I am trying to analyze the data with the pre-post-control design in the context of RNA-seq analysis.
I have read Best practice when analyzing pre-post treatment-control designs, but I am still confused because the method recommended by this manual(page 34) is not mentioned in the above post.
To briefly describe my data, the response is gene expression measurement and explanatory variables contain 3 factors(treatment, patient, and time): there are 2 levels(drug & control) in treatment, total 10 patients, and two levels(pre and post) in time.
The goal is to figure out if the drug has any effect on the gene expression while controlling for heterogeneity among patients.
The software manual suggests using interaction terms to control for individual effects, and use the following model:
$$expression \sim treatment + treatment:patient + treatment :time$$
and the code snippet below describes the idea:
require(dplyr)
dat <- structure(list(treatment = c("control", "control", "control",
"control", "control", "control", "control", "control", "control",
"control", "drug", "drug", "drug", "drug", "drug", "drug", "drug",
"drug", "drug", "drug"), time = c("pre", "post", "pre", "post",
"pre", "post", "pre", "post", "pre", "post", "pre", "post", "pre",
"post", "pre", "post", "pre", "post", "pre", "post"), patient = c(1,
1, 2, 2, 3, 3, 4, 4, 5, 5, 6, 6, 7, 7, 8, 8, 9, 9, 10, 10)), class = c("tbl_df",
"tbl", "data.frame"), row.names = c(NA, -20L), .Names = c("treatment",
"time", "patient"))
# prepare for the design matrix
dat <- dat %>% group_by(treatment) %>%
mutate(patient=paste0("p",rep(c(1:5),each=2))) %>%
ungroup() %>%
mutate(time=factor(time, levels = c("pre","post")))
treatment time patient
1 control pre p1
2 control post p1
3 control pre p2
4 control post p2
5 control pre p3
6 control post p3
7 control pre p4
8 control post p4
9 control pre p5
10 control post p5
11 drug pre p1
12 drug post p1
13 drug pre p2
14 drug post p2
15 drug pre p3
16 drug post p3
17 drug pre p4
18 drug post p4
19 drug pre p5
20 drug post p5
# construct a model matrix
mmat <- model.matrix(~treatment + treatment:patient + treatment:time,data = dat)

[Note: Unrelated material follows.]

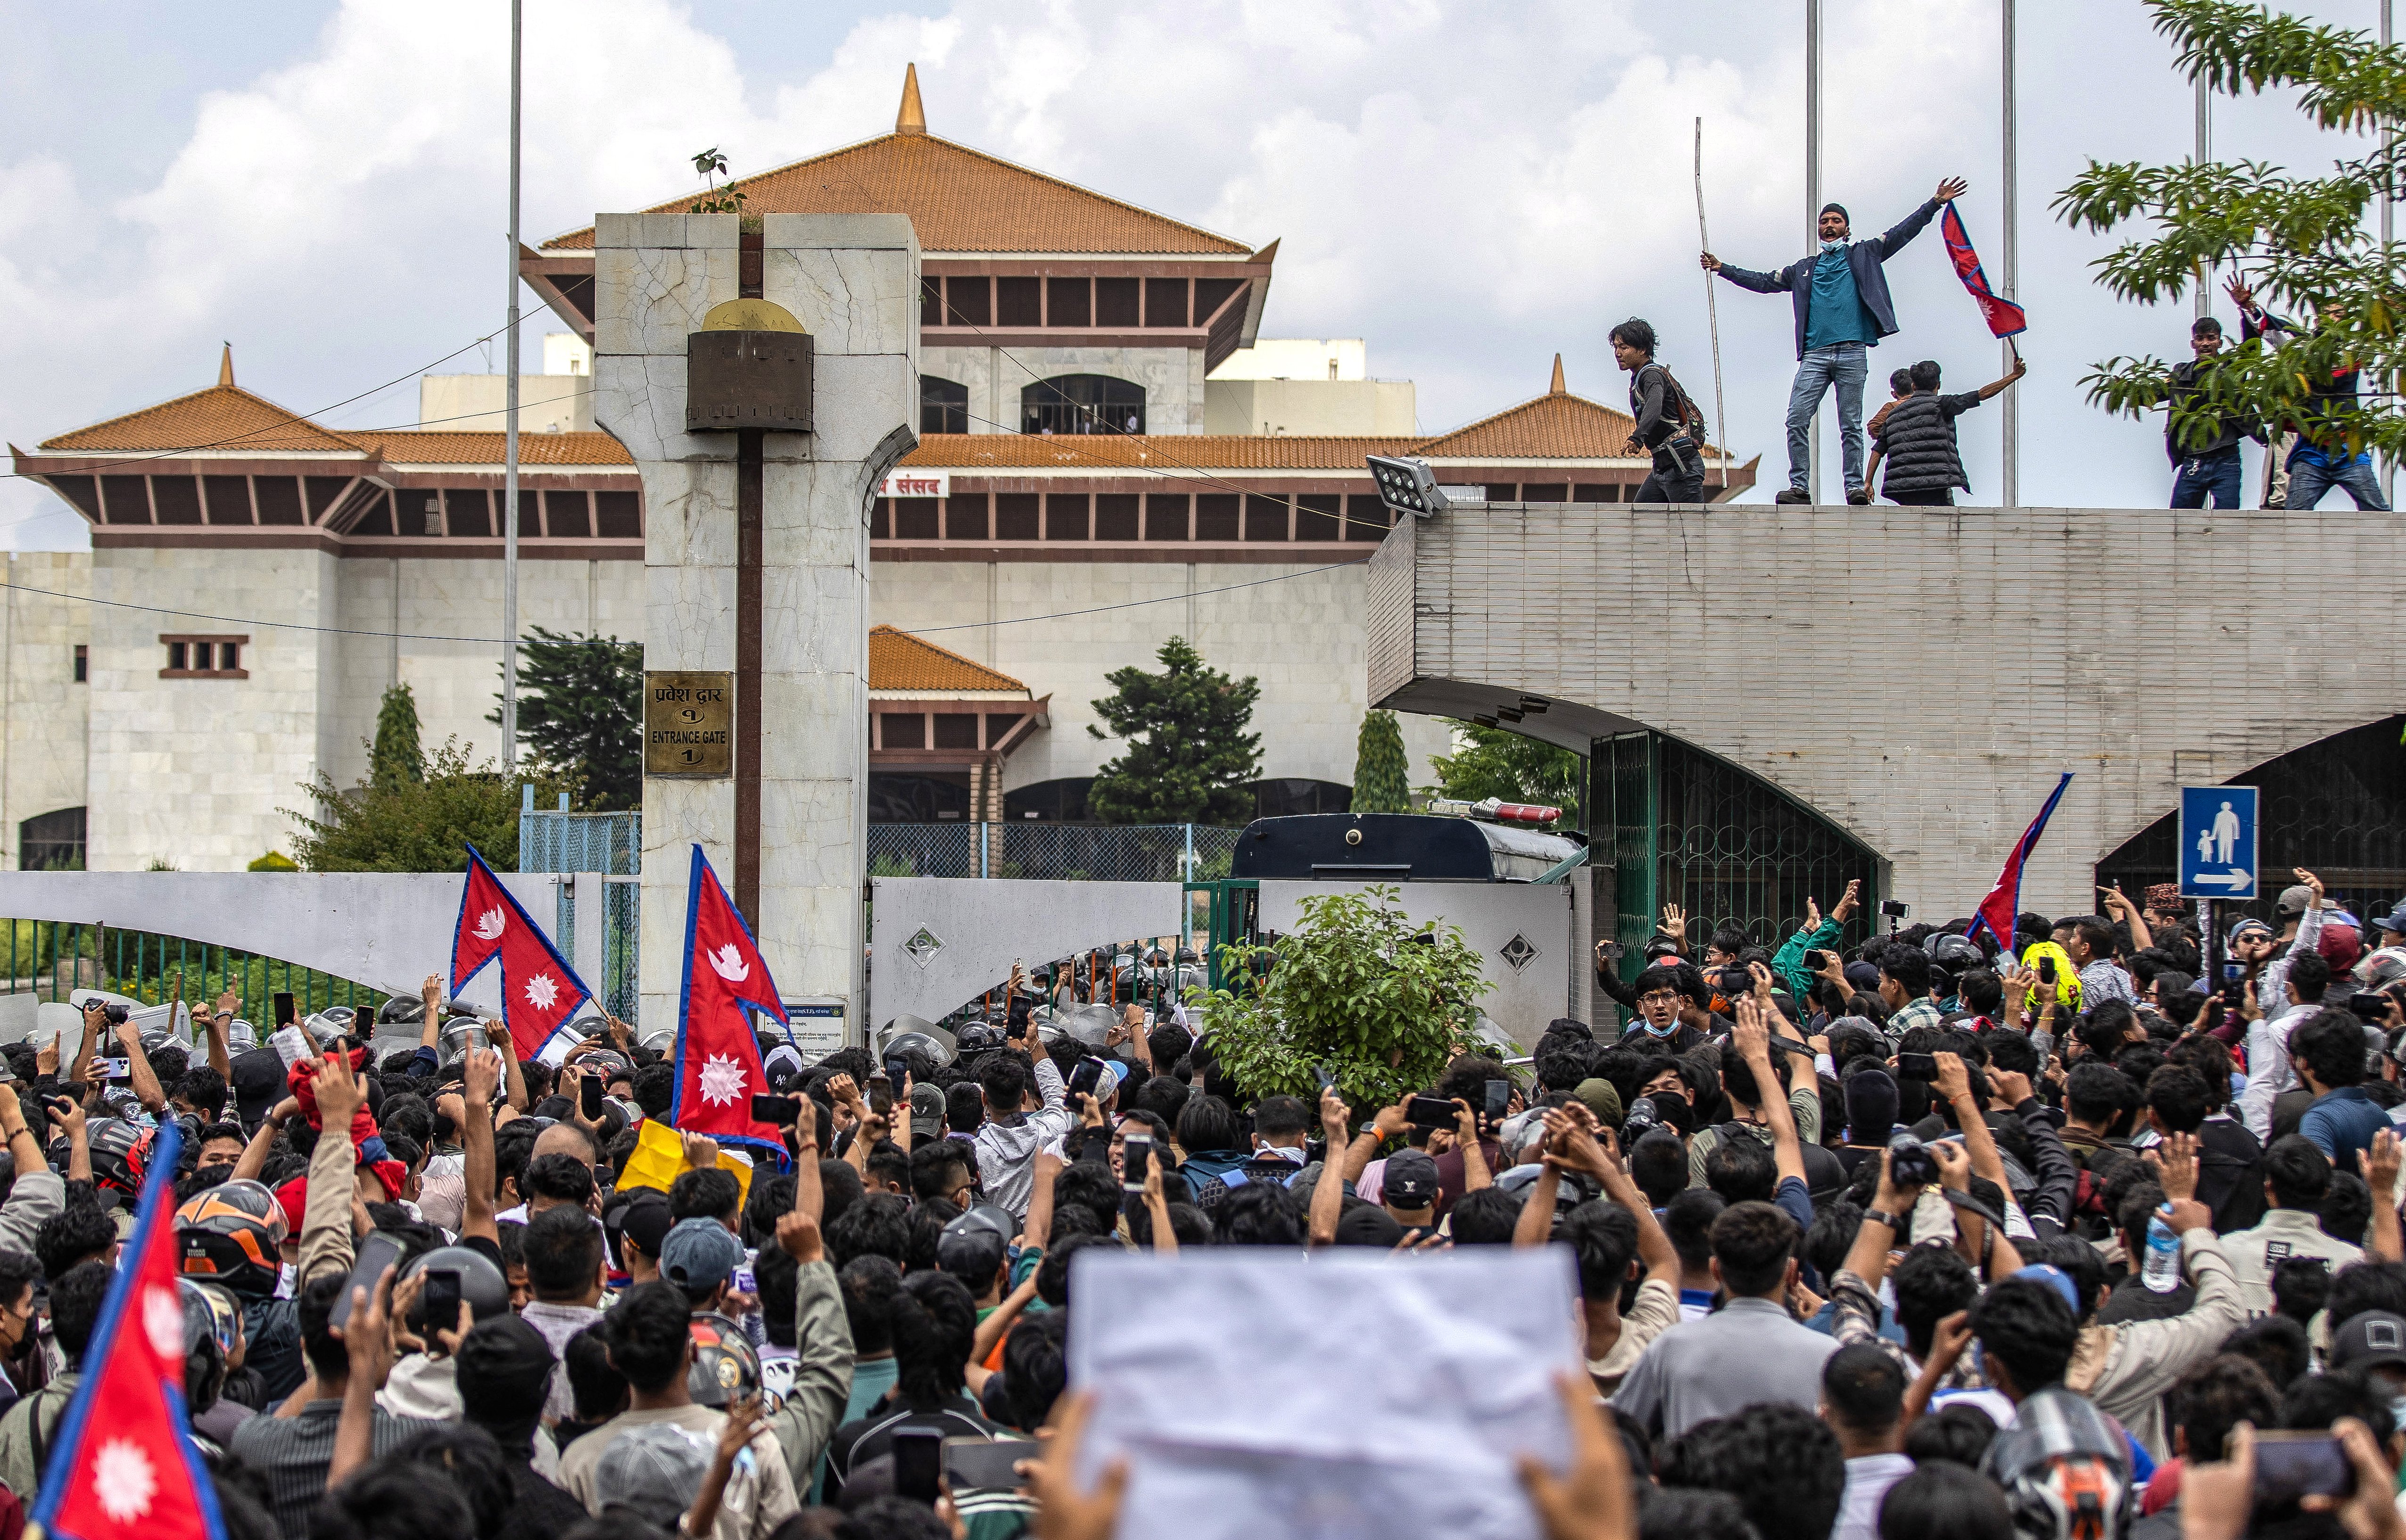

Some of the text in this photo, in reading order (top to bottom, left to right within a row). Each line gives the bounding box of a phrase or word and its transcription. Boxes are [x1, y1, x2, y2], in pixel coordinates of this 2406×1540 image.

# terms that will be in my linear model
colnames(mmat)
[1] "(Intercept)" "treatmentdrug"
[3] "treatmentcontrol:patientp2" "treatmentdrug:patientp2"
[5] "treatmentcontrol:patientp3" "treatmentdrug:patientp3"
[7] "treatmentcontrol:patientp4" "treatmentdrug:patientp4"
[9] "treatmentcontrol:patientp5" "treatmentdrug:patientp5"
[11] "treatmentcontrol:timepost" "treatmentdrug:timepost"
To see the effect of the drug, the manual suggests check if the coefficient "treatmentdrug:timepost" is significant by computing log likelihood ratio between the model without that term and the model with that term and see if the nested model is sufficiently different from the full model.
Now my question is :
- what's weakness of this approach of using interaction terms to control for patient effects? In other words, what assumptions am I breaking(if any)?
- It seems that random effects models are used in this context, but what are the benefits?
- If you were me, how would you have tackled this problem?